Expanding Orthopaedic Relationships to Southeast Asia

Five orthopaedic surgeons from Southeast Asia wrapped up a visit to Tucson last week, exchanging professional experiences and knowledge with local physicians – and taking home a little piece of UA Baseball while they were at it.

Dr. Lawrence Housman, a total joint surgeon at Tucson Orthopaedic Institute, volunteered to host the surgeons, visiting through the American Orthopaedic Association and the Association of Southeast Asian NationsTraveling Fellowship program.

The surgeons, from Indonesia, Malaysia, Philippines, Singapore and Thailand, were able to tour the orthopaedic centers of Tucson Orthopaedic Institute and University Medical Center. They observed surgery at TMC with Dr. Housman and a host of other physicians, and were able to learn more about Tucson Orthopaedic Institute research projects.

“It was very interesting to hear about experiences in other parts of the world,” said Dr. Housman.

He noted, for example, that insurance companies in most of those countries do not cover prosthetic implants for joint replacements. And he learned that for both cultural and financial reasons in the Philippines, for instance, many patients refuse surgery to treat broken hips, preferring traction instead, despite far worse outcomes.

In some of the countries, families subsist on mere dollars a day, so delays in treatment are common. Despite the economic disparities, the visiting surgeons had modern equipment and training. And since they had largely trained in the United States or Europe, communication was a breeze.

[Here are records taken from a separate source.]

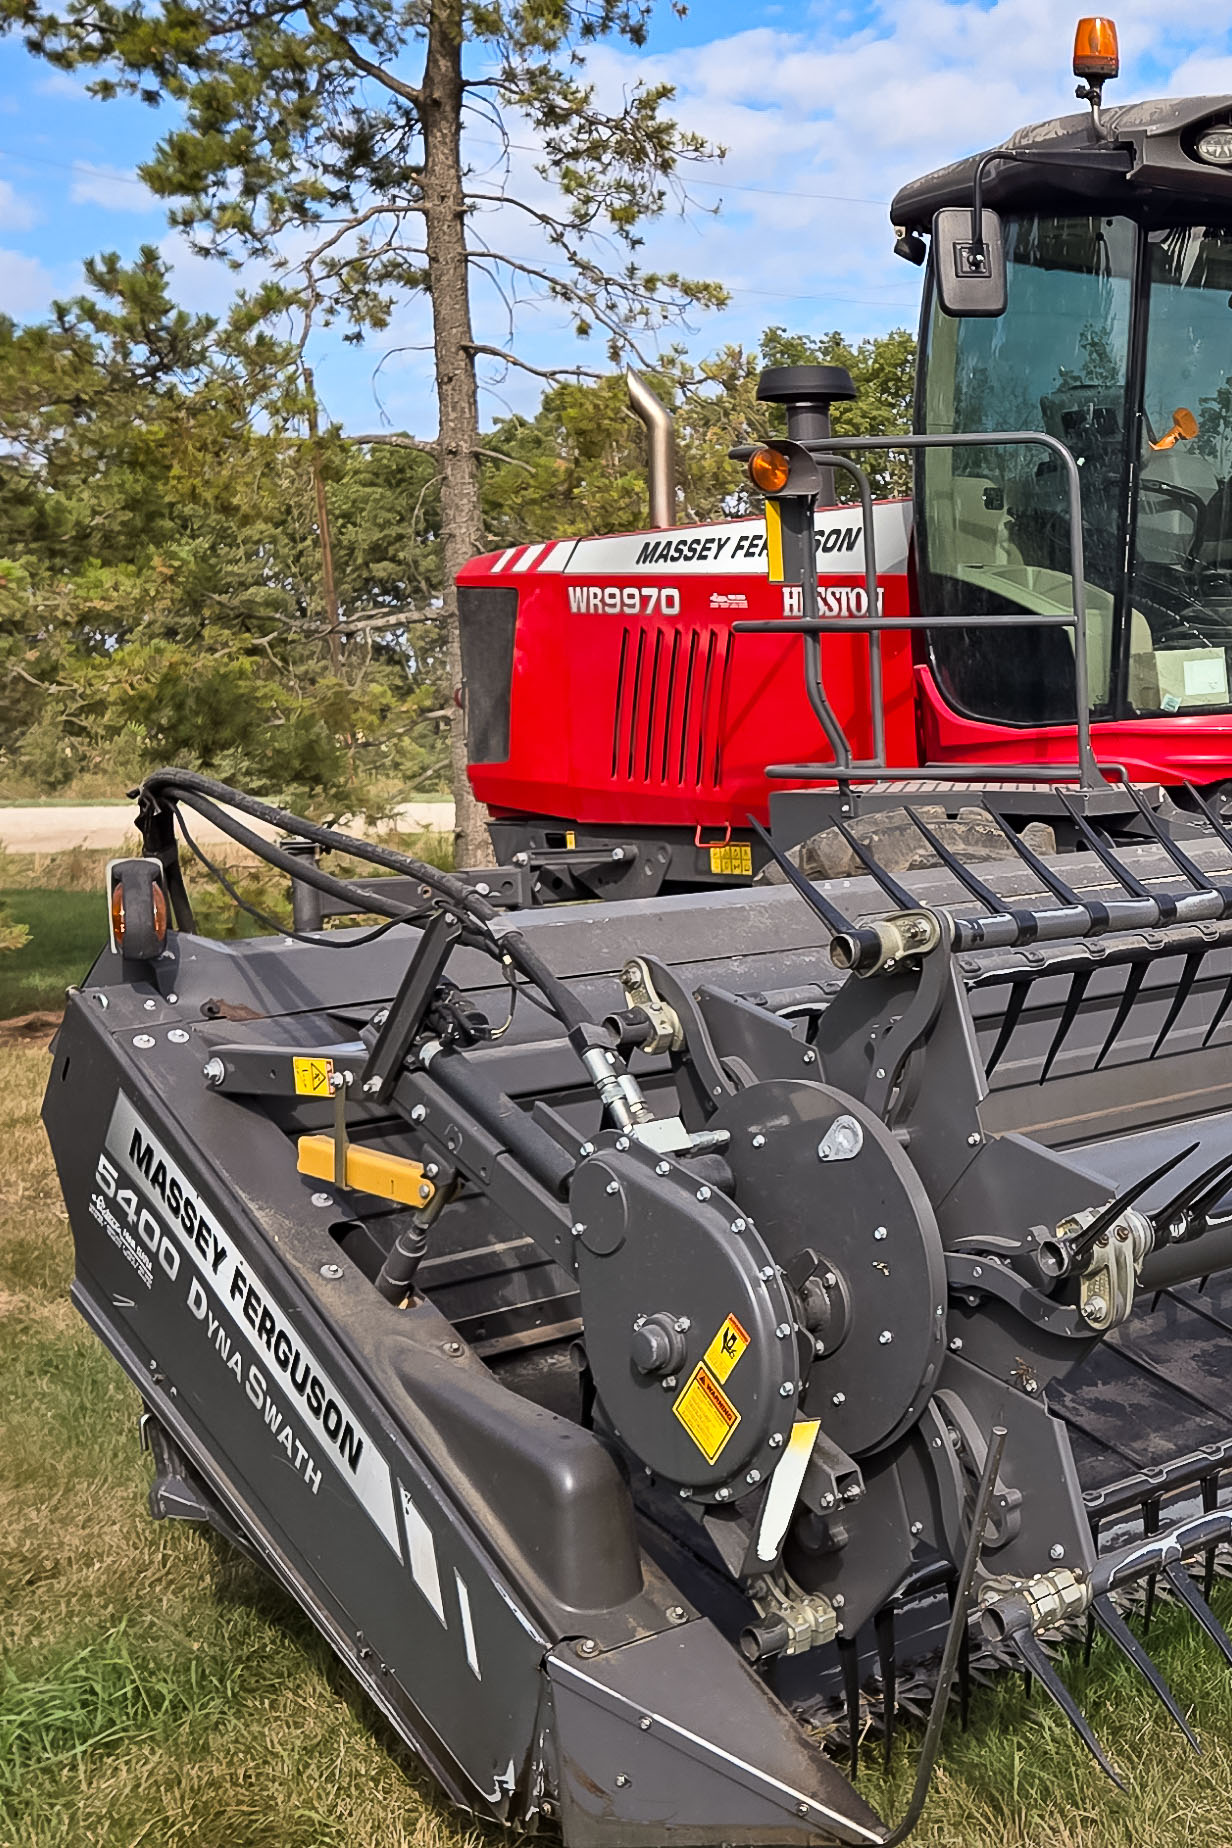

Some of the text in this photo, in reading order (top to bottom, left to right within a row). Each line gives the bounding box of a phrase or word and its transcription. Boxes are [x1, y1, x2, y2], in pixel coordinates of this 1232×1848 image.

[635, 536, 730, 565] MASSEY
[568, 586, 680, 615] WR9970
[95, 1153, 180, 1281] 5400
[129, 1127, 363, 1475] MASSEY FERGUSON
[706, 1383, 733, 1422] WARNING

The summer heat was more problematic, although the group gamely toured the Biosphere 2 Center.

Before they left, Dr. Housman gave each Fellow a souvenir UA Baseball championship T-shirt. In return, he was presented with a plaque to express their gratitude for his hospitality.

The Fellows concluded their U.S. tour with the American Orthopaedic Association’s annual meeting in Washington, D.C.

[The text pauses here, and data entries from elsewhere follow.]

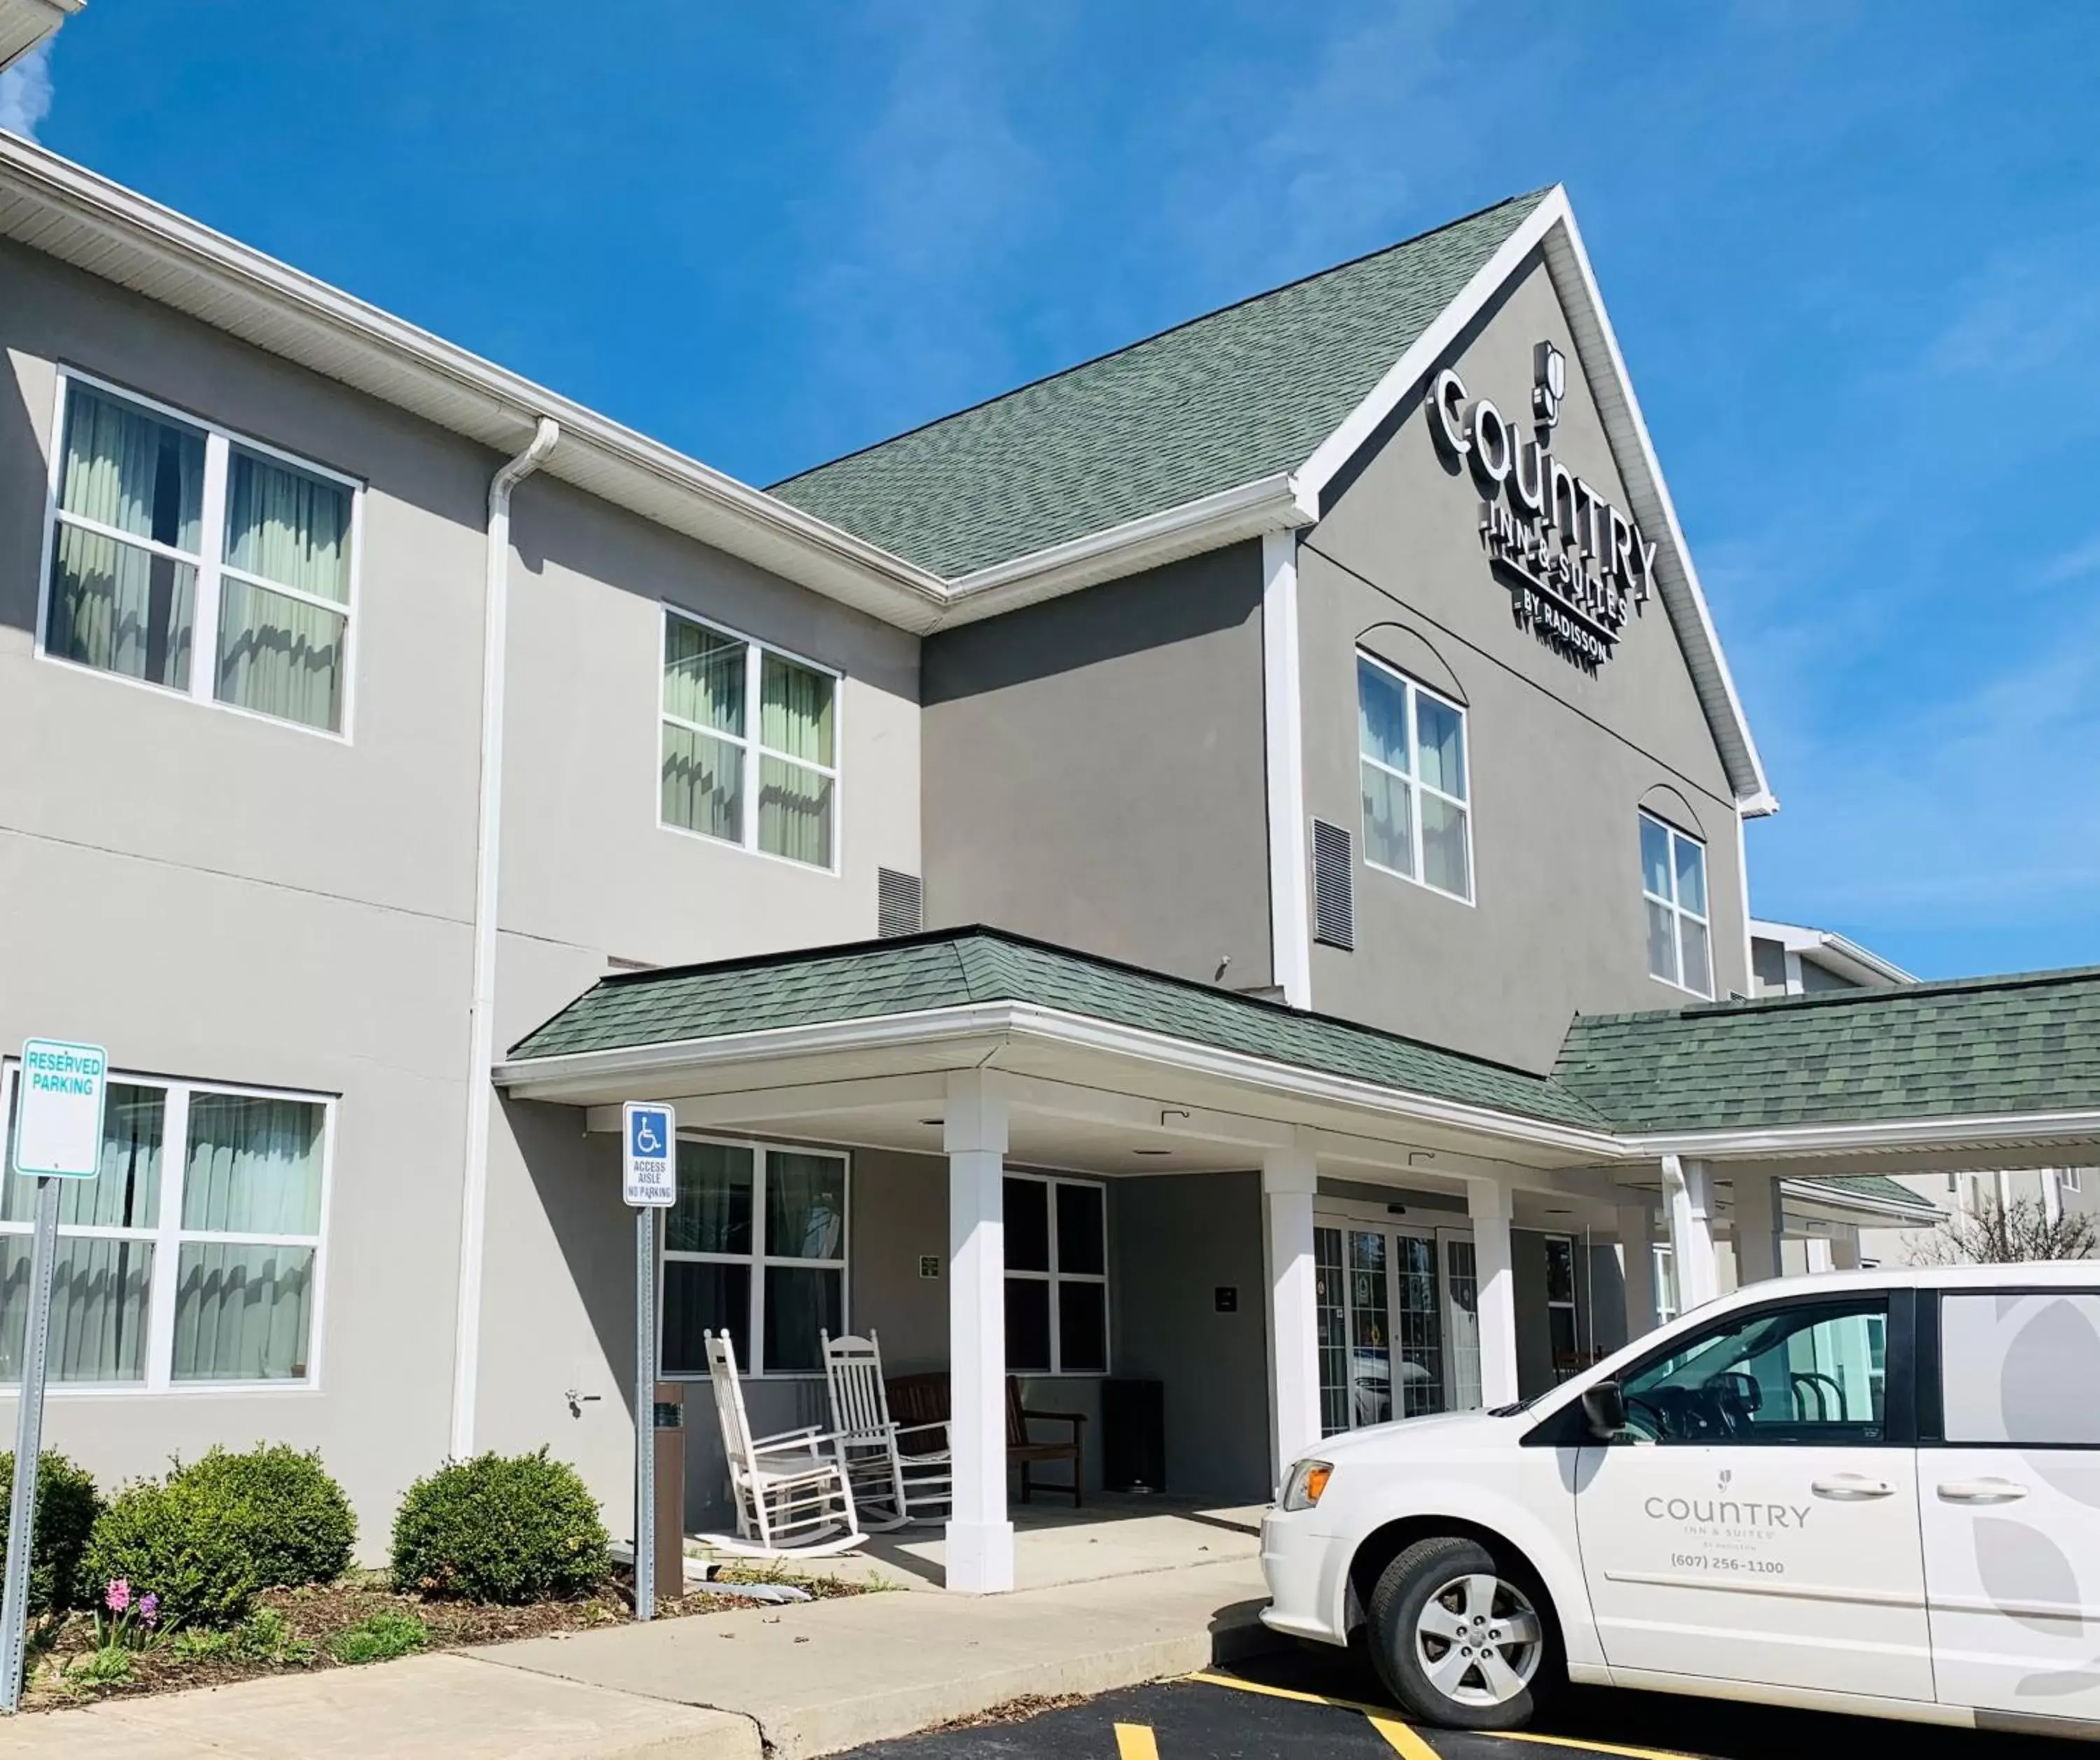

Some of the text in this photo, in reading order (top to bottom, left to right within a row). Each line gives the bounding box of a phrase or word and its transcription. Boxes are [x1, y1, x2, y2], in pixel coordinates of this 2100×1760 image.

[1488, 500, 1628, 626] INN & SUITES
[1524, 588, 1607, 663] BY RADISSON
[29, 1052, 101, 1075] RESERVED
[33, 1073, 93, 1096] PARKING
[634, 1161, 666, 1173] ACCESS
[638, 1173, 661, 1184] AISLE
[628, 1186, 671, 1199] NO PARKING
[1671, 1553, 1785, 1574] (607) 256-1100

Dr. Housman said he showed the group the new TMC Orthopaedic and Surgical Tower, which will be the only center dedicated to orthopaedics in Southern Arizona when it opens in spring 2013. Tucson Orthopaedic Institute will have its medical offices and clinics on the first floor of the new building.

He joked he encouraged them to come back next year to see the final product – but not in the summer, naturally.